→ **EXERCISE DESCRIPTION**:
The entries must be repeated verbatim, and their images left out.

→ **Dataset entries**:

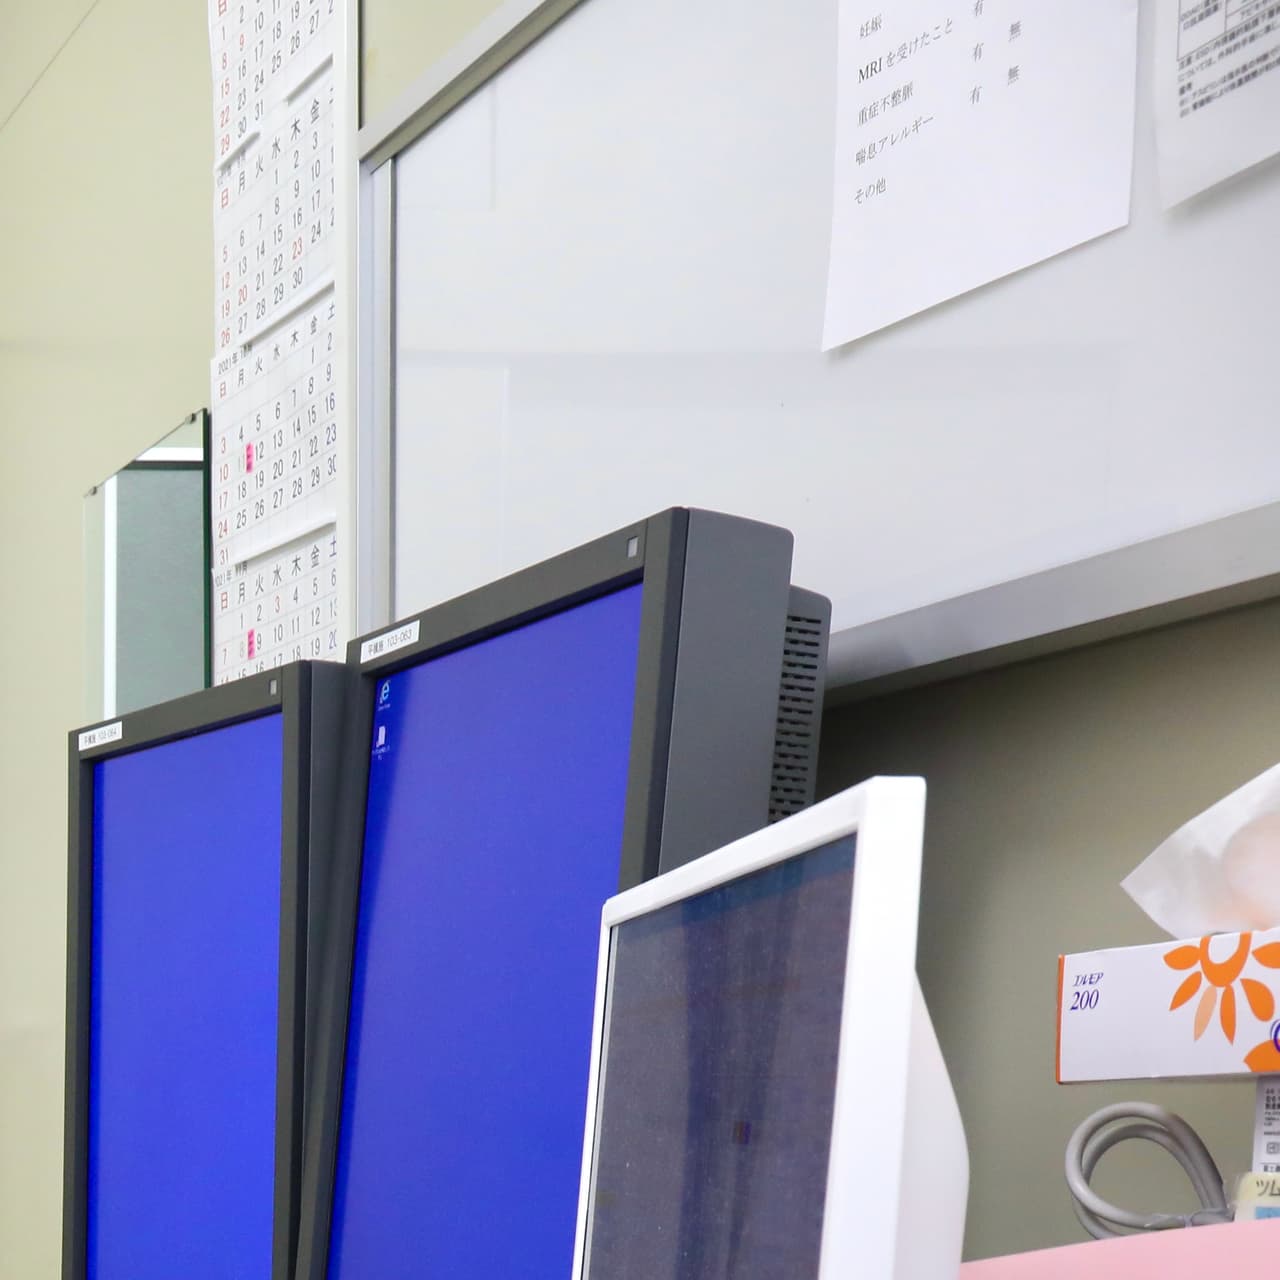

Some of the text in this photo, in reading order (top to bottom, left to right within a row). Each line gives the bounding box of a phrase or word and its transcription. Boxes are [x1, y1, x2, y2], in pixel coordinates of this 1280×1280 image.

[222, 52, 227, 70] 8
[239, 33, 245, 52] 9
[254, 11, 264, 33] 10
[239, 5, 244, 24] 2
[220, 9, 319, 129] 22 23 24 25 26 27
[221, 1, 300, 99] 15 16 17 18 19
[858, 18, 953, 83] MRI を受けたこと
[221, 133, 230, 156] 29
[238, 116, 247, 139] 30
[255, 99, 264, 121] 31
[221, 188, 229, 209] 日
[238, 170, 245, 195] 月
[255, 155, 264, 179] 火
[271, 136, 281, 160] 水
[291, 118, 300, 141] 木
[311, 99, 319, 124] 金
[294, 150, 299, 169] 2
[312, 131, 318, 150] 3
[223, 159, 320, 263] 5 6 7 8 9 10
[854, 177, 886, 204] その他
[221, 189, 320, 291] 12 13 14 15 16 17
[222, 219, 321, 319] 19 20 21 22 23 24
[221, 266, 303, 348] 26 27 28 29 30
[219, 381, 226, 399] 日
[238, 368, 244, 387] 月
[255, 357, 263, 376] 火
[290, 329, 299, 347] 木
[310, 315, 317, 335] 金
[327, 301, 335, 320] 土
[327, 332, 332, 351] 2
[219, 463, 229, 483] 10
[255, 441, 264, 462] 12
[273, 429, 283, 451] 13
[292, 417, 301, 438] 14
[307, 404, 317, 426] 15
[325, 391, 335, 414] 16
[221, 363, 331, 455] 3 4 5 6 7 8 9
[219, 423, 336, 511] 17 18 19 20 21 22 23
[218, 519, 228, 539] 24
[236, 509, 247, 529] 25
[255, 499, 265, 519] 26
[273, 488, 284, 509] 27
[292, 477, 303, 499] 28
[311, 466, 320, 488] 29
[220, 548, 229, 566] 31
[220, 591, 228, 610] 日
[238, 582, 245, 604] 月
[255, 573, 264, 596] 火
[273, 564, 282, 586] 水
[292, 554, 301, 576] 木
[311, 544, 320, 568] 金
[257, 604, 262, 622] 2
[274, 595, 280, 613] 3
[293, 586, 298, 604] 4
[312, 577, 318, 596] 5
[222, 648, 227, 665] 7
[256, 633, 262, 650] 9
[273, 623, 283, 643] 10
[292, 616, 300, 635] 11
[311, 607, 320, 627] 12
[311, 637, 320, 657] 19
[1070, 988, 1100, 1011] 200

→ **RESPONSE AREA**:
Some of the text in this photo, in reading order (top to bottom, left to right within a row). Each line gives the bounding box of a phrase or word and its transcription. Boxes are [x1, y1, x2, y2], in pixel coordinates of this 1280×1280 image.

[222, 52, 227, 70] 8
[239, 33, 245, 52] 9
[254, 11, 264, 33] 10
[239, 5, 244, 24] 2
[220, 9, 319, 129] 22 23 24 25 26 27
[221, 1, 300, 99] 15 16 17 18 19
[858, 18, 953, 83] MRI を受けたこと
[221, 133, 230, 156] 29
[238, 116, 247, 139] 30
[255, 99, 264, 121] 31
[221, 188, 229, 209] 日
[238, 170, 245, 195] 月
[255, 155, 264, 179] 火
[271, 136, 281, 160] 水
[291, 118, 300, 141] 木
[311, 99, 319, 124] 金
[294, 150, 299, 169] 2
[312, 131, 318, 150] 3
[223, 159, 320, 263] 5 6 7 8 9 10
[854, 177, 886, 204] その他
[221, 189, 320, 291] 12 13 14 15 16 17
[222, 219, 321, 319] 19 20 21 22 23 24
[221, 266, 303, 348] 26 27 28 29 30
[219, 381, 226, 399] 日
[238, 368, 244, 387] 月
[255, 357, 263, 376] 火
[290, 329, 299, 347] 木
[310, 315, 317, 335] 金
[327, 301, 335, 320] 土
[327, 332, 332, 351] 2
[219, 463, 229, 483] 10
[255, 441, 264, 462] 12
[273, 429, 283, 451] 13
[292, 417, 301, 438] 14
[307, 404, 317, 426] 15
[325, 391, 335, 414] 16
[221, 363, 331, 455] 3 4 5 6 7 8 9
[219, 423, 336, 511] 17 18 19 20 21 22 23
[218, 519, 228, 539] 24
[236, 509, 247, 529] 25
[255, 499, 265, 519] 26
[273, 488, 284, 509] 27
[292, 477, 303, 499] 28
[311, 466, 320, 488] 29
[220, 548, 229, 566] 31
[220, 591, 228, 610] 日
[238, 582, 245, 604] 月
[255, 573, 264, 596] 火
[273, 564, 282, 586] 水
[292, 554, 301, 576] 木
[311, 544, 320, 568] 金
[257, 604, 262, 622] 2
[274, 595, 280, 613] 3
[293, 586, 298, 604] 4
[312, 577, 318, 596] 5
[222, 648, 227, 665] 7
[256, 633, 262, 650] 9
[273, 623, 283, 643] 10
[292, 616, 300, 635] 11
[311, 607, 320, 627] 12
[311, 637, 320, 657] 19
[1070, 988, 1100, 1011] 200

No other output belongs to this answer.